Ford and the car business are excited about the electrified F-150 Lightning. An EV F-150 is a major step toward electrifying automobiles because it has been America's best-selling vehicle for 40 years.
The Lightning is a terrific electric F-150 vehicle. It's better than a gas-powered vehicle if you can afford one and know how to charge it.
Ford can't fulfil demand, boosted prices, and is still attempting to convince dealers to stop marking up available models by tens of thousands of dollars. Software follows. This speedy vehicle is a frustratingly sluggish PC.
The Lightning is amazing, at least in part, for how commonplace it is, yet demand is clearly there. The electric F-150 adds tech and capacity to the driving experience, interior layout, and daily livability of any contemporary F-150.
As expected, this electric pickup truck has several drawbacks. Brian Normile's complete Cars.com review is here; the shortened version is below.
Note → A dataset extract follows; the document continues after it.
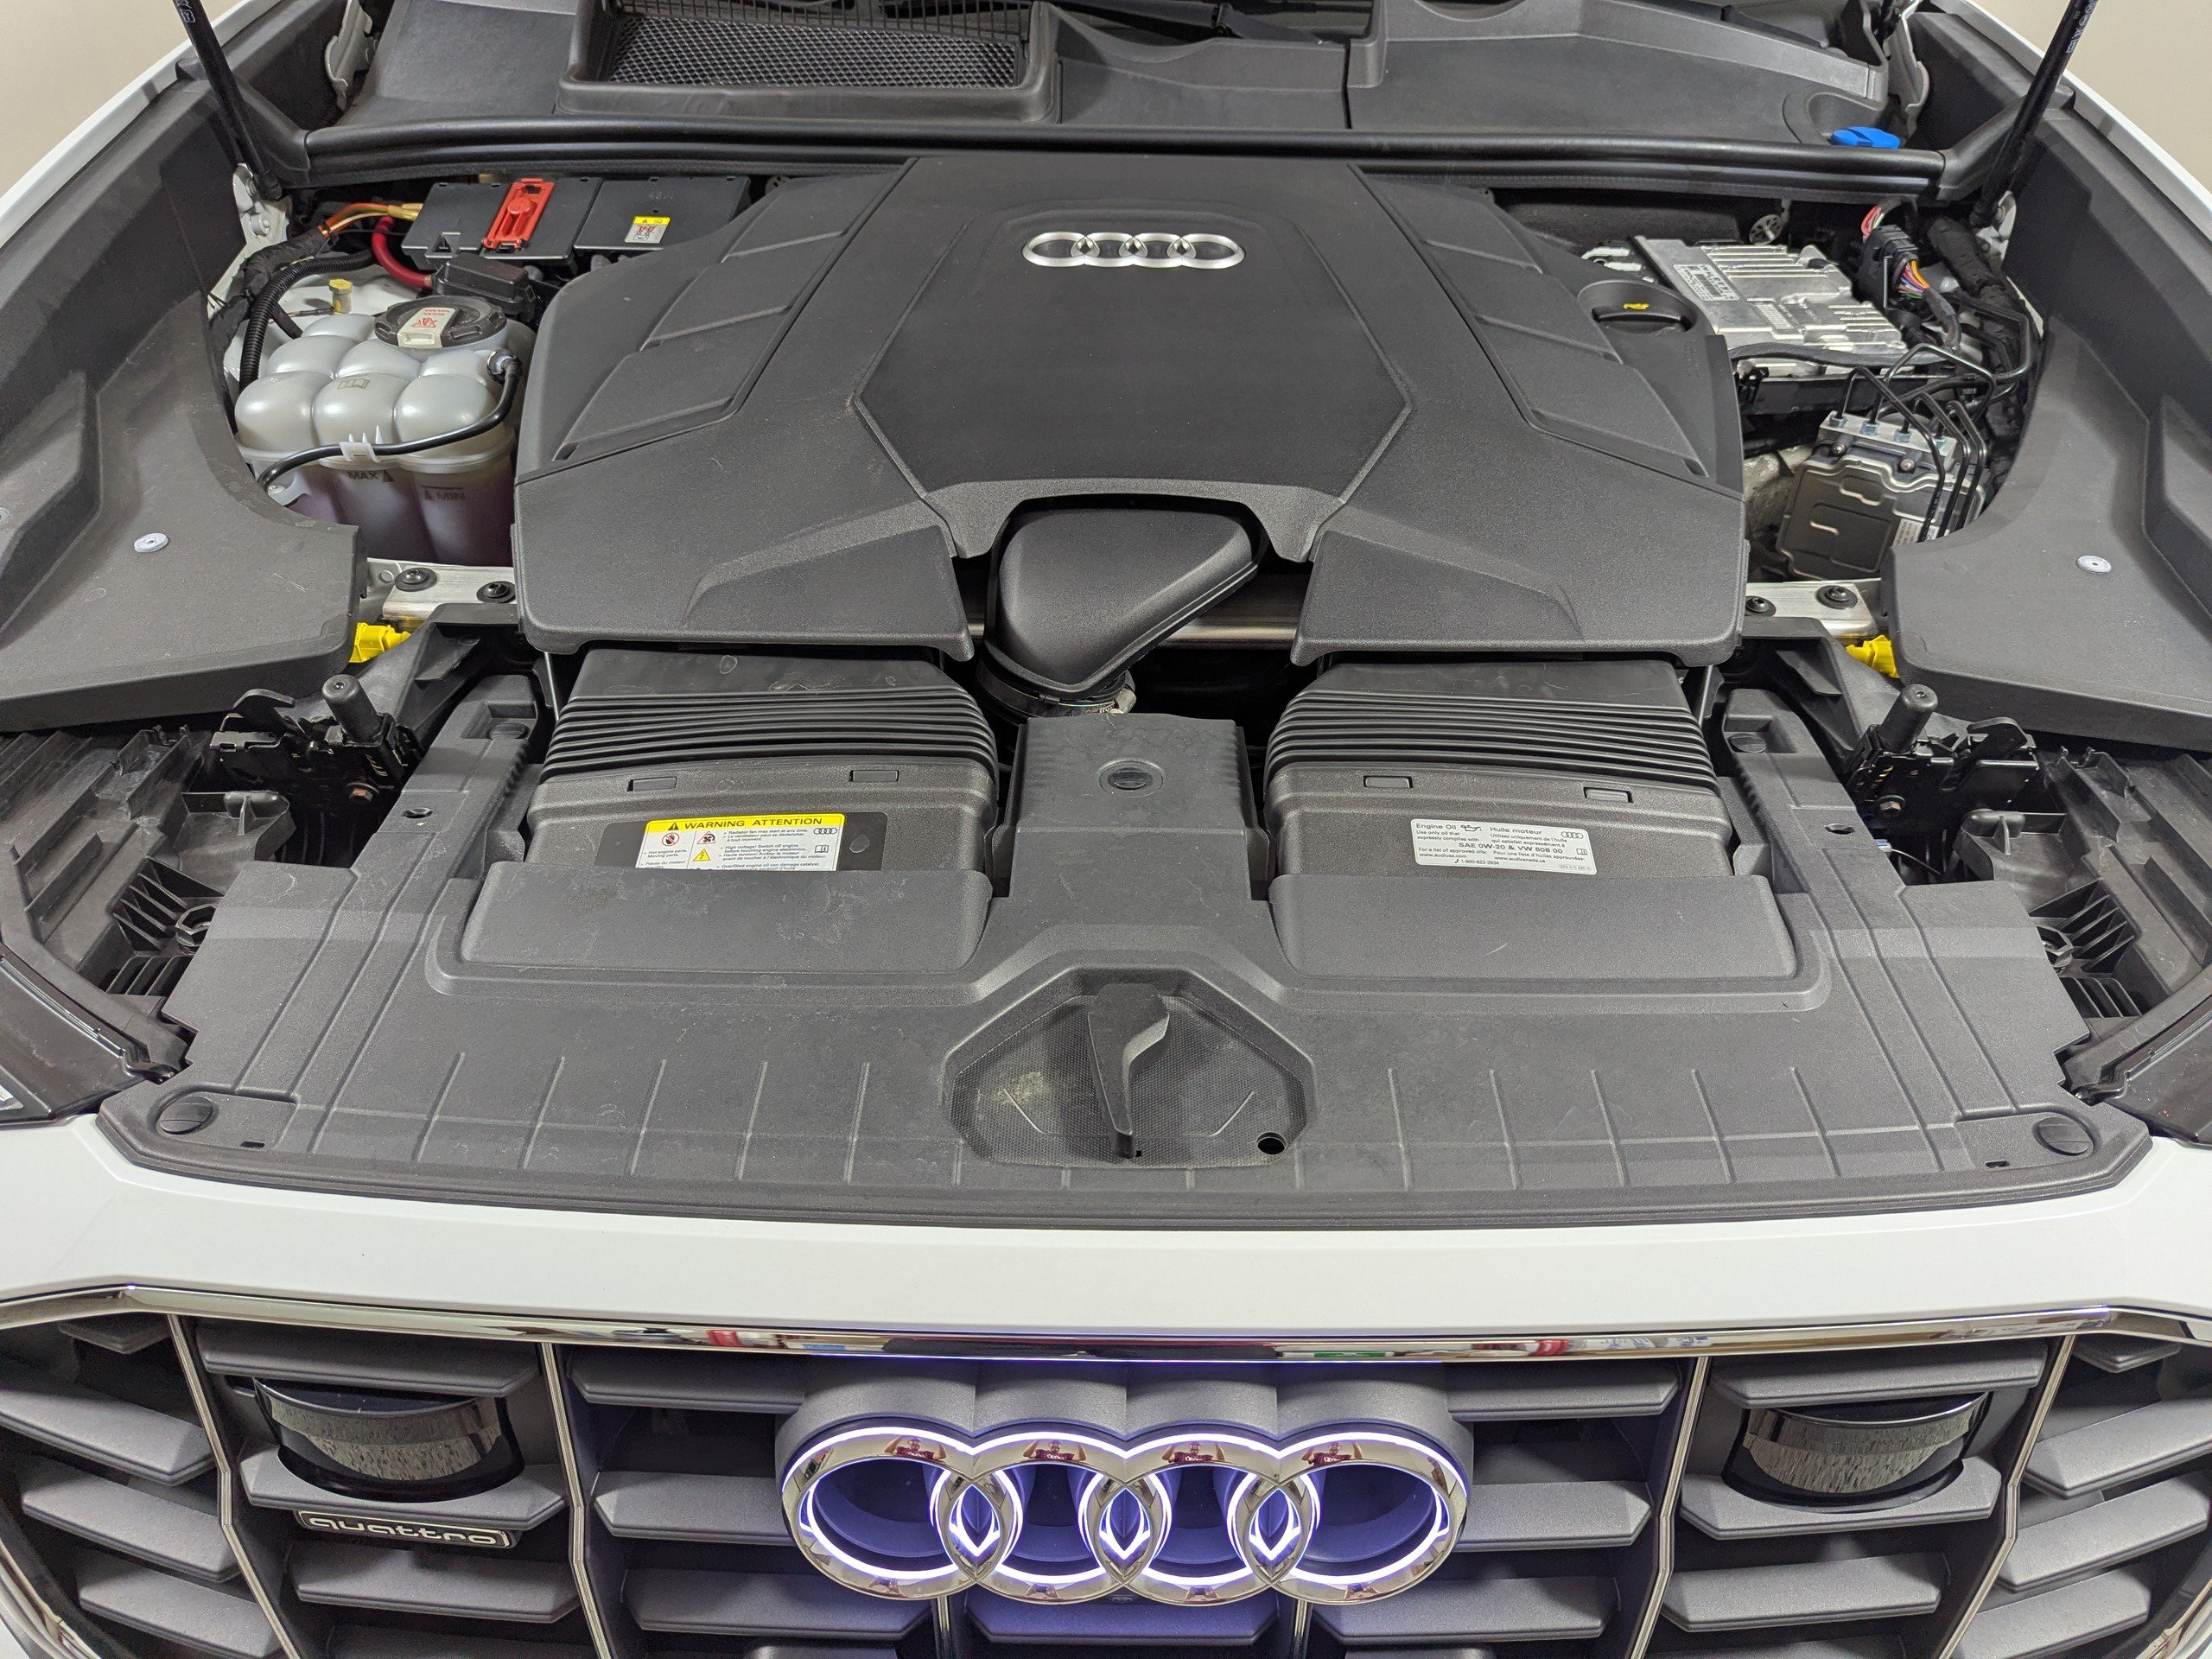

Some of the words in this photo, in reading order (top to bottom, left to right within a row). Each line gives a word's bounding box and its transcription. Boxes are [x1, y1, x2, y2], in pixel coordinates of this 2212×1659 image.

[348, 471, 379, 480] MAX
[436, 492, 465, 500] MIN
[752, 818, 823, 827] ATTENTION
[308, 1516, 497, 1546] quattro
The 2022 Ford F-150 Lightning has six pros and four cons:
- The 2022 Ford F-150 Lightning EV is an electric pickup truck that is considered a good choice for those who can afford one and know how to charge it.
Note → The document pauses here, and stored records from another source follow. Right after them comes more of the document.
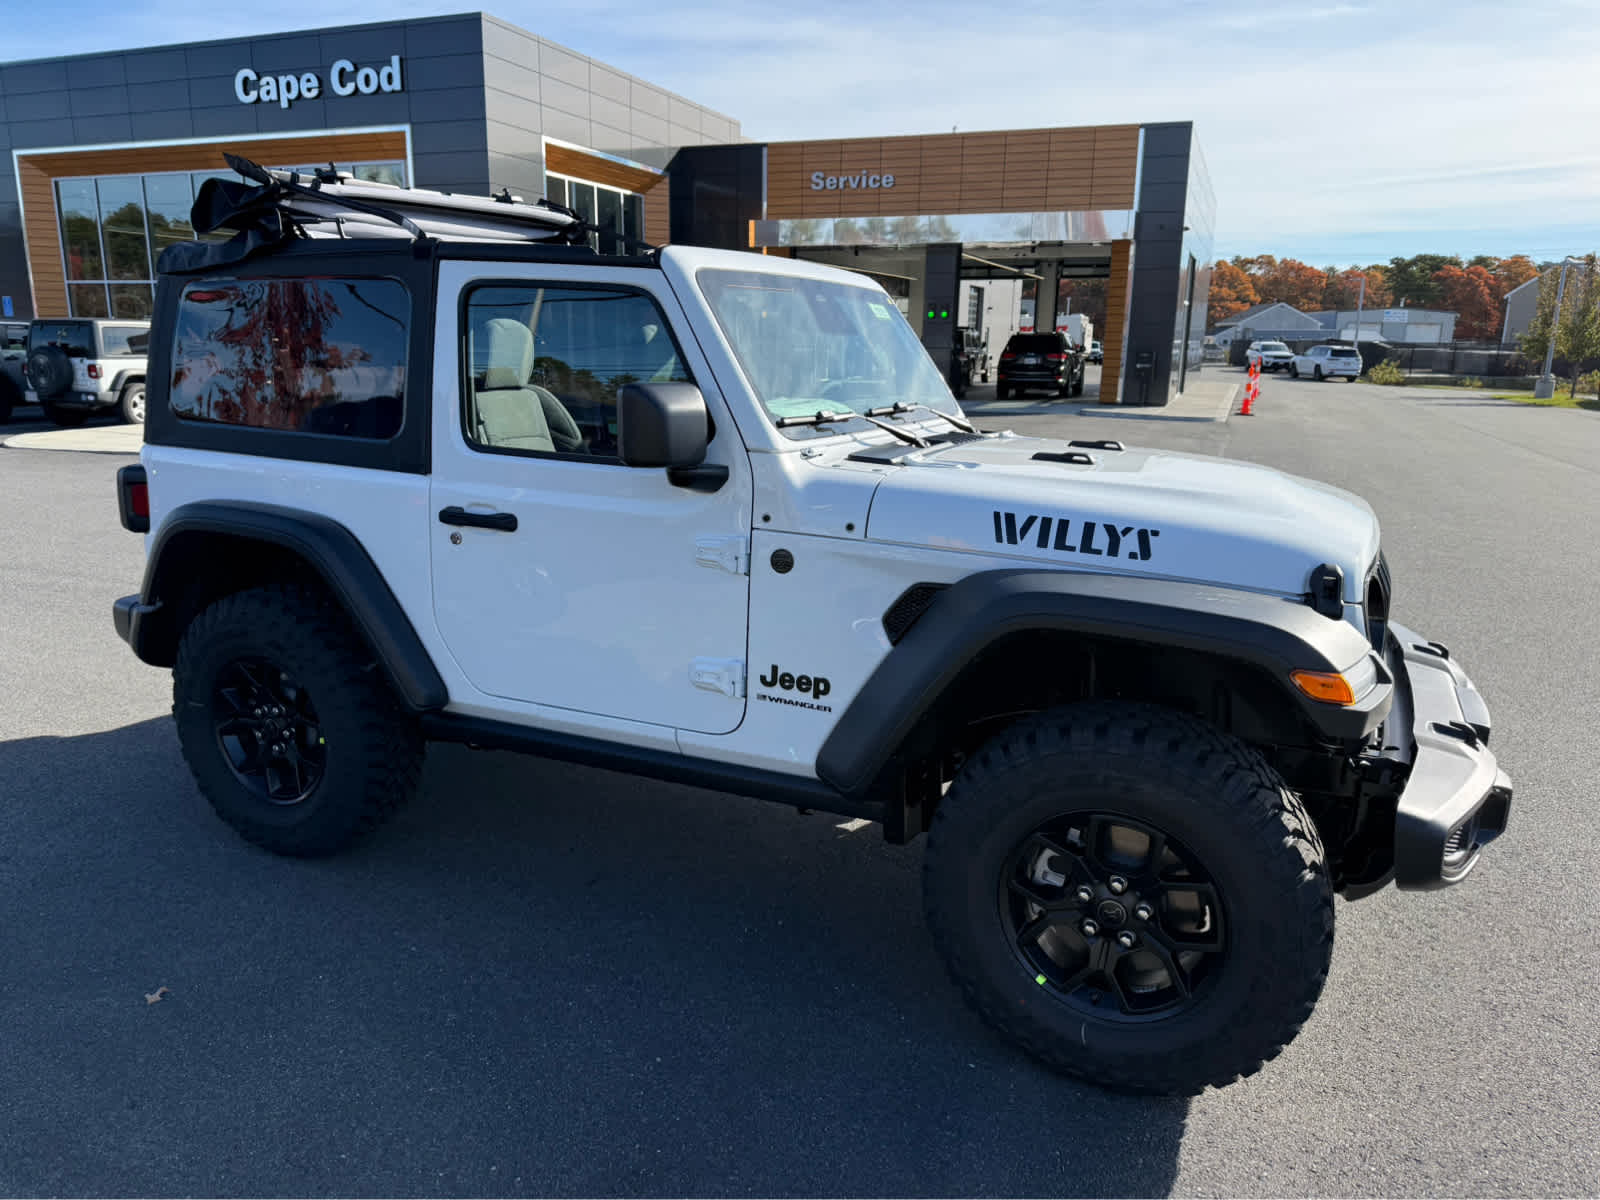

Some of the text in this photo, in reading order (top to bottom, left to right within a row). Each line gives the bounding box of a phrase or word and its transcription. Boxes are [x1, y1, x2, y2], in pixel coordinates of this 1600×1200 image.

[234, 55, 401, 109] Cape Cod
[811, 169, 895, 191] Service
[993, 511, 1160, 561] WILLYS
[759, 664, 831, 700] Jeep
[767, 695, 832, 713] WRANGLER
- Pros of the vehicle include: quick acceleration, familiar appearance, portable generator, spacious interior, huge storage box under the hood, and extended range options.
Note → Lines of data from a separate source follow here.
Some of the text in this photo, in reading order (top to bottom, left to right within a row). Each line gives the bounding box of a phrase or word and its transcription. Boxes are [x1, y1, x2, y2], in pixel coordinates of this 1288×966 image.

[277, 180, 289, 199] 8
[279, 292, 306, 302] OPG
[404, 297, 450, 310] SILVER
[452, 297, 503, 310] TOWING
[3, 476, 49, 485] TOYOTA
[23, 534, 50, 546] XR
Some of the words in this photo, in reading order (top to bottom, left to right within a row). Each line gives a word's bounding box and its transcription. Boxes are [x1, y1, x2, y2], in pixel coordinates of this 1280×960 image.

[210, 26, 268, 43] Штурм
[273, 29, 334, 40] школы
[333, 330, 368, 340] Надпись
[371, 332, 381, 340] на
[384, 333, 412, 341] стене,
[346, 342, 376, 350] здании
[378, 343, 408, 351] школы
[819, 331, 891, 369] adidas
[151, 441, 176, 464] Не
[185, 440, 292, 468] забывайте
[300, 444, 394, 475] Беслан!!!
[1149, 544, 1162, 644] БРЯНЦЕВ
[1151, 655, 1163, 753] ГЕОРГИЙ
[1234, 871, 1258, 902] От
- Cons of the vehicle include: reduced range when towing, challenging brake pedal feel, big-screen interface issues, charging challenges, and high electrical costs.
- Ford is having trouble keeping up with demand and prices have been boosted, some dealers are marking up prices by tens of thousands of dollars.
- The software is also slow and the vehicle can be frustratingly sluggish.
The Lighting boasts a stated 10,000-pound towing capacity, a good 2,235-pound payload capacity, and standard four-wheel drive. Its stated 0-60 mph acceleration time is 4.5 seconds, depending on setup. The power comes on smoothly, making it seem quicker from behind the wheel.
New but Familiar
The F-150's familiar appearance and handling make it desirable. The the lightning rides great and looks like a regular F-150, not an exotic EV. That should boost target audience sales.
The F-150 Lightning is not the first EV that can power a home in an outage, but it has a lot of juice. Ford claims the Lightning can power a home for three days with an 80-amp charging station and other accessories. Ford claims the Lightning can run for 10 days on rationed power.
Interior Room Remains
The Lightning's battery pack is under the floor, but unlike some EVs, it doesn't take up space. We found the cabin as spacious as any F-150, as Ford boasts. The Lightning has a flip-up rear seat with segregated storage like F-150s.
Frunk you’ll Love
The F-150 Lightning has a huge, safe storage box with a 400-pound weight capacity beneath the hood, as it has no engine. The Mega Power Frunk has four 120-volt power outlets and two USB connections. It's water-resistant and has drain plugs for hauling gross material that needs a hose.
Ford provides two Lightning battery options: the regular-range with 230 miles of range and an extended-range unit with 320 miles in mid-level trims (optional) and 300 miles in the top Platinum trim (standard). That should satisfy all except range-anxious drivers.
Towing a trailer reduces the Lightning's range, therefore towing enthusiasts should know. That's no surprise, but we can't say anything until we test more.
We pulled an 8,300-pound boat and trailer with a Lightning XLT with the extended-range battery, which had 80 miles of range left with a half-charged battery. Towing would demand more charging stops than driving without a trailer.
Regenerative braking helps charge EVs, but the F-150's brakes were tougher to control than others. Stopping power is good, but smooth stops are hard. One-pedal driving makes throttle modulation difficult.
Lower Lightning levels include a 12.4-inch touchscreen and F-150-like controls. Upper trims have Sync 4A with a 15.5-inch vertical touchscreen in the dash. The vibrant and responsive screen removes several traditional buttons, including seat warmer controls. We worry that future Ford cars will have comparable displays.
A Lightning with any battery adds 13 miles per hour with a 30-amp Level 2 home charger, but Ford's 48-amp charger adds 20 miles per hour. Extended-range models may gain 30 miles per hour using Ford's 80-amp Charge Station Pro. All Lightnings can fast-charge to 54 miles in 10 minutes with 150-kilowatt DC.
Pro-trim F-150 Lightnings cost about $40,000. (all prices include destination).A gas-powered basic F-150 XL costs $37,680 with 4WD, far less than any Lightning. A $7,500 federal tax credit helps mitigate the Lightning's price premium, but higher trims are more expensive. A Platinum costs almost $90,000, while our extended-range XLT cost $76,384.